Т.е. Ниббана жидкая, твердая, горячая и ветренная? ) С каких это пор в Тхераваде помимо нее есть какая-то истина?




> Именно благодаря тому, что это реальные качества - рубка дров и происходит вне вашего контакта, и будет происходить, когда у вас контакт исчезнет при просветлении.


С этим я не спорю. Я лишь говорю, что любая активность она лишь при восприятии будет активностью и лишь в восприятии может быть активностью. А вне восприятия она лишь "код", который обязательно есть, один для всех, и который прекрасно действует не зависимо от восприятия, но не как топор и дрова. Топором и дровами (и пространством-временем вообще) это становится лишь на "мониторах" и нигде помимо него.

----------

Won Soeng (31.05.2009)

----------


## Esanandhavanatthāyadipa

И очень прошу ответить: в чем находит опору весь цветовой спектр, а чем не находит? Или, другими словами, в чем весь спект сосредоточен, а в чем не сосредоточен? Для ответа на этот вопрос демагогия не может быть задействована. Всё есть, как есть, и физику за 9й класс полагаю, знаете.

----------


## Zom

> Т.е. Ниббана жидкая, твердая, горячая и ветренная? ) С каких это пор в Тхераваде помимо нее есть какая-то истина?


Почитайте книжечку-то. Узнаете поподобнее Тхераваду.




> Я лишь говорю, что любая активность она лишь при восприятии будет активностью и лишь в восприятии может быть активностью.


Хех.. активность успешно происходит без вашего восприятия.

А что касается спектра - то цвет - это не есть конечное качество материи. Поэтому ваши наводящие вопросы некорректны.

----------


## Esanandhavanatthāyadipa

> Почитайте книжечку-то. Узнаете поподобнее Тхераваду.


Спасибо. Я Канон предпочитаю, а не "книжечки про Тхераваду".




> Хех.. активность успешно происходит без вашего восприятия.


Опять вы не понимаете... Я с этим не спорю. Всё происходит без восприятия, но лишь в восприятии это активность и мир как таковой.

----------

Won Soeng (31.05.2009)

----------


## Won Soeng

Самый очевидный вывод для меня из этой дискуссии, что обсуждение этих вопросов не полезно.
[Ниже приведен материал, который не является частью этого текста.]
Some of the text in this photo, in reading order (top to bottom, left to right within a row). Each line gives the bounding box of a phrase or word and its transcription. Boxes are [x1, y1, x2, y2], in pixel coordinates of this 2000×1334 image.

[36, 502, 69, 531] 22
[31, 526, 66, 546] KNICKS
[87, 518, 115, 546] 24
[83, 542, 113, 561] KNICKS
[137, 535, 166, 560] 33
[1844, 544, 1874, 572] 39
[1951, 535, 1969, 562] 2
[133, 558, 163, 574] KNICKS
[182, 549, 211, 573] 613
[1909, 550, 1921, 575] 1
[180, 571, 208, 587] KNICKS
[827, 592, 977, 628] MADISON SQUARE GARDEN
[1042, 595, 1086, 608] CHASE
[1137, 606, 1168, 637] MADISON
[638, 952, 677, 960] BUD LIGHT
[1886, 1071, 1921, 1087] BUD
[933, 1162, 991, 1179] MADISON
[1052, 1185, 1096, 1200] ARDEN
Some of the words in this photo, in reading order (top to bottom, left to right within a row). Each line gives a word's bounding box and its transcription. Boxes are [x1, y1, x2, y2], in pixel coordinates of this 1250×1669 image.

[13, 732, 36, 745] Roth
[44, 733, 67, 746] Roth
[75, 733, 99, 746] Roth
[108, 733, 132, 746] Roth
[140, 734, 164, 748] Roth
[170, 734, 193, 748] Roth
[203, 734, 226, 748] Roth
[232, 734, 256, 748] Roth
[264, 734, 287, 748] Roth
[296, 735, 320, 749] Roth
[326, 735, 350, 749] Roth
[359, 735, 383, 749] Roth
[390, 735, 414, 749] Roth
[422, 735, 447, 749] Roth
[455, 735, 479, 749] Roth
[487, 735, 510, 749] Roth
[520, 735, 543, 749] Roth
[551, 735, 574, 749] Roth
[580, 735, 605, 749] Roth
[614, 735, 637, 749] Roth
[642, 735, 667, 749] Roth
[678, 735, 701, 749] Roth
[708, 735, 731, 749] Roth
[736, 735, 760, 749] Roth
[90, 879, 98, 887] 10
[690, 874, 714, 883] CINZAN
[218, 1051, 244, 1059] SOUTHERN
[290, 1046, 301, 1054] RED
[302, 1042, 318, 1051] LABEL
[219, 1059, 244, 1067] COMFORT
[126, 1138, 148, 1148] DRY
Каждый подозревает своего оппонента в недостаточной проницательности, просто трактуя несколько по своему некоторые общеупотребительные термины, которые будучи применимы в повседневной жизни не применимы к понятиям философским, метафизическим. 
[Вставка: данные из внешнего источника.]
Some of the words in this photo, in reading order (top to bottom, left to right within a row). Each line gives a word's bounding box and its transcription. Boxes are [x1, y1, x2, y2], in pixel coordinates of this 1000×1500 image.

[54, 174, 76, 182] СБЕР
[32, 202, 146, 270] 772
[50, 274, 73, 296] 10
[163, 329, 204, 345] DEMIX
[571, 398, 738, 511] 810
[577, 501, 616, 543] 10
Благого всем образа жизни, ясности и невозмутимости, обретения правильных взглядов и прекращения всех страданий и несчастий.

----------

Монферран (24.11.2018)

----------


## Zom

> Спасибо. Я Канон предпочитаю, а не "книжечки про Тхераваду".


То есть вот как? Вы видимо умнее, чем достопочтенный Па Аук Саядо.
Вам тогда следует открывать собственную буддийскую традицию -)
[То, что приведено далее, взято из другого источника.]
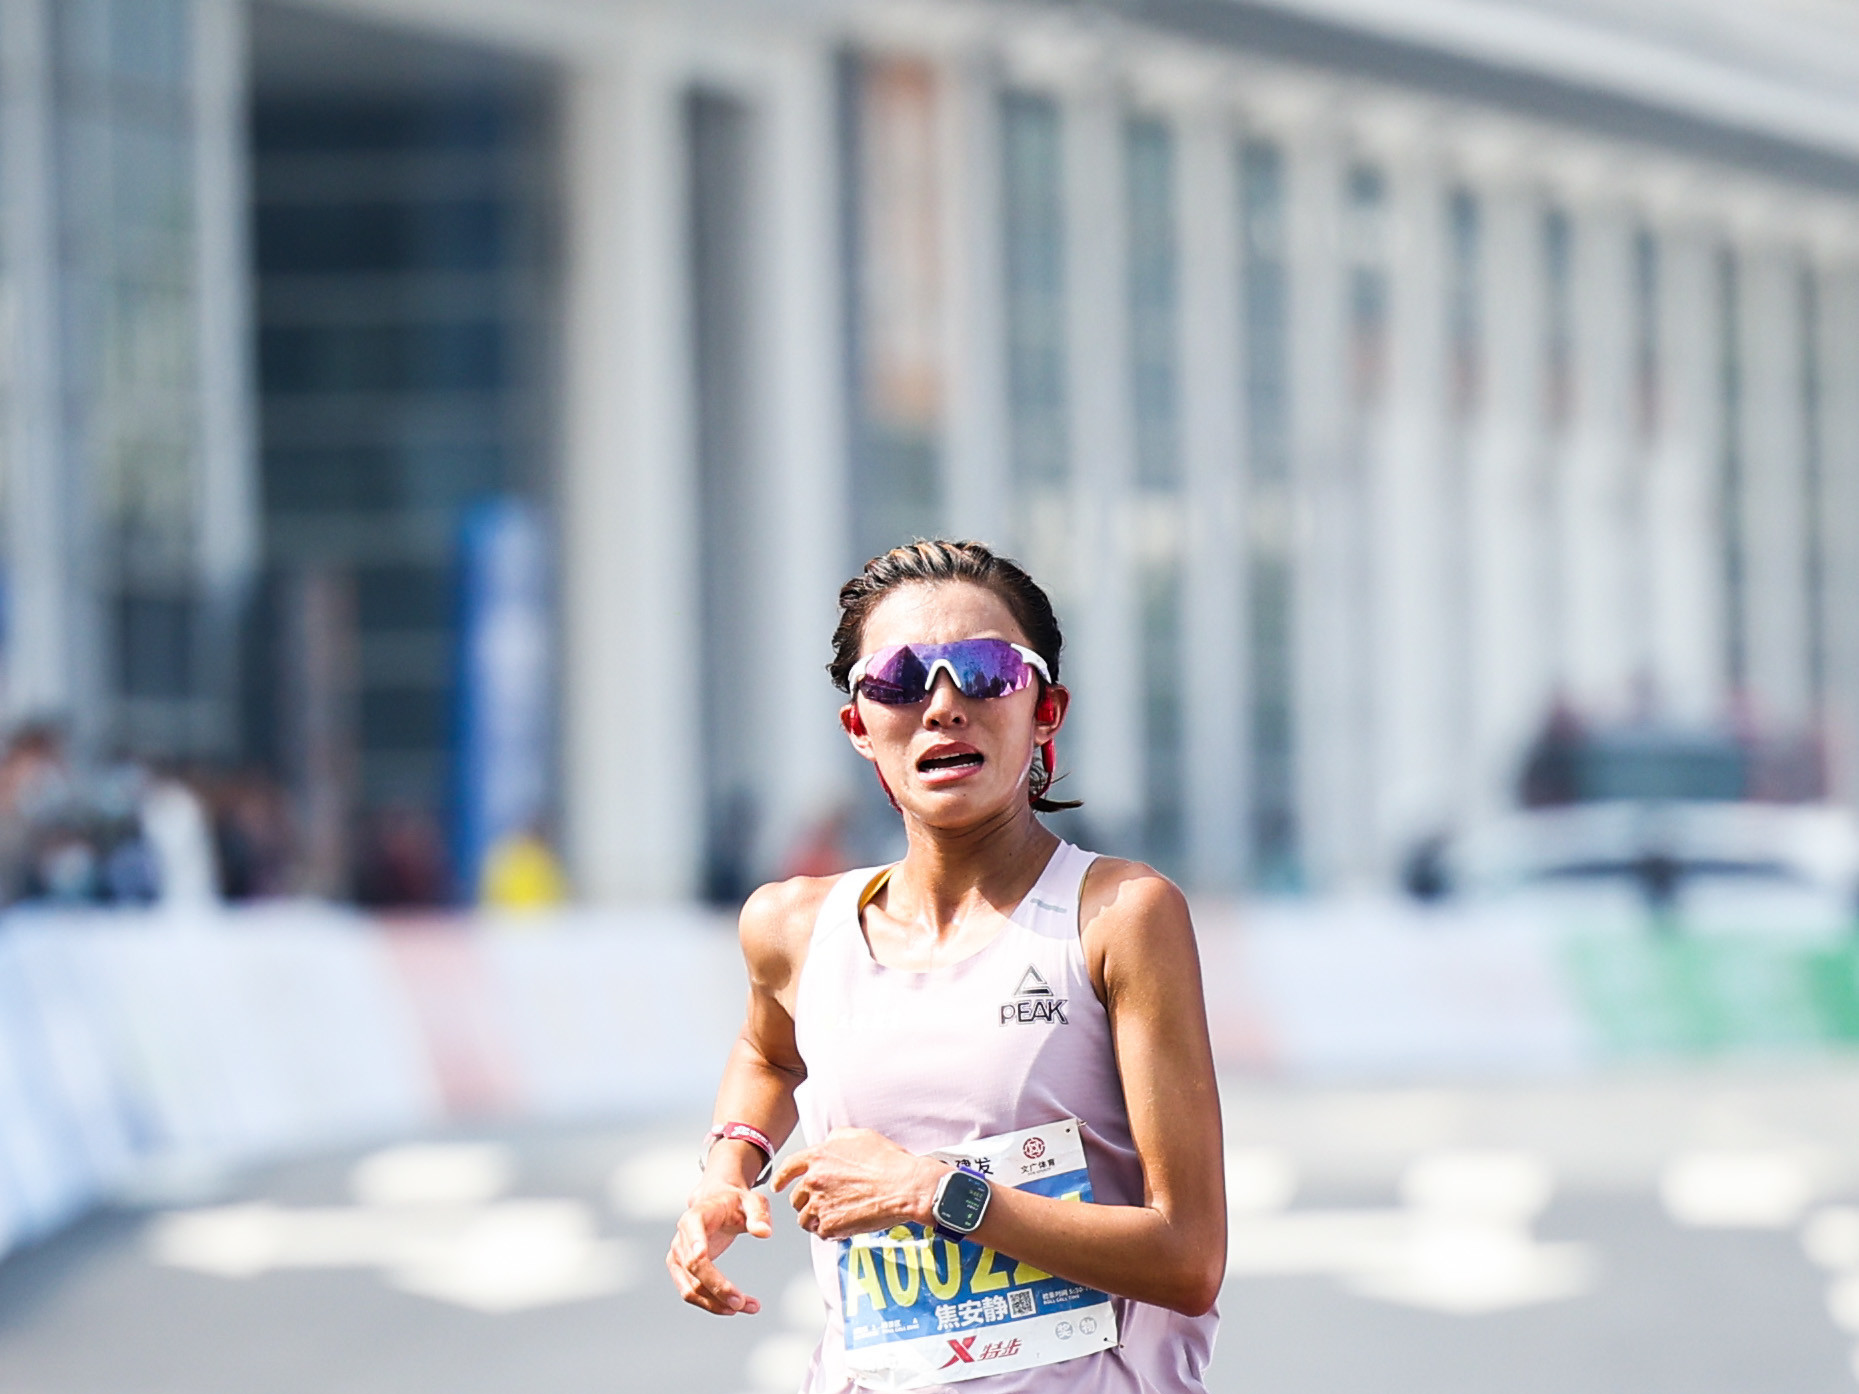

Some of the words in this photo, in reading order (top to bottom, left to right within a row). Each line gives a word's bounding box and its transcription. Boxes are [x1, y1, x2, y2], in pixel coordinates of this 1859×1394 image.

[1000, 999, 1069, 1026] PEAK
[1020, 1158, 1056, 1174] 文广体育
[935, 1295, 1009, 1331] 焦安静
[977, 1338, 1022, 1362] 特步
> Самый очевидный вывод для меня из этой дискуссии, что обсуждение этих вопросов не полезно.


Угу. Уже который раз ссылаюсь на себя же.
http://board.buddhist.ru/showpost.ph...&postcount=383

Пора заканчивать уже действительно..

----------

Won Soeng (01.06.2009)

----------


## Esanandhavanatthāyadipa

> С позиции тхеравады - как раз это четыре реальных качества материи на абсолютном уровне. "За ними" уже ничего не стоит, это конечная реальность.


Кстати, еще про 4 элемента. Они, как у вас, как вы сказали, "реальные качества", да еще на абсолютном уровне (читай субстанция). Но в моем случае видно, то они не самобытны и друг без друга не существуют. "00", "01", "10", "11". Где есть 0 и 1 (причина\следствие), есть и вся тетралема.

----------


## Zom

> Они, как у вас, как вы сказали, "реальные качества", да еще на абсолютном уровне (читай субстанция).


Не "у вас", а в буддизме Тхеравады.

И ещё - они реальны, но не субстанциональны.
А как такое возможно - это задача для вашей *медитации*, а не для интеллекта.

----------


## Won Soeng

Zom, есть огромная проблема с нахождением правильного термина. Слово "реальность" - это полный синоним слову "объектность". По Вашему, четыре качества (четыре стихии) являются самообусловленными? Несомненно, это один из базисов классификации. 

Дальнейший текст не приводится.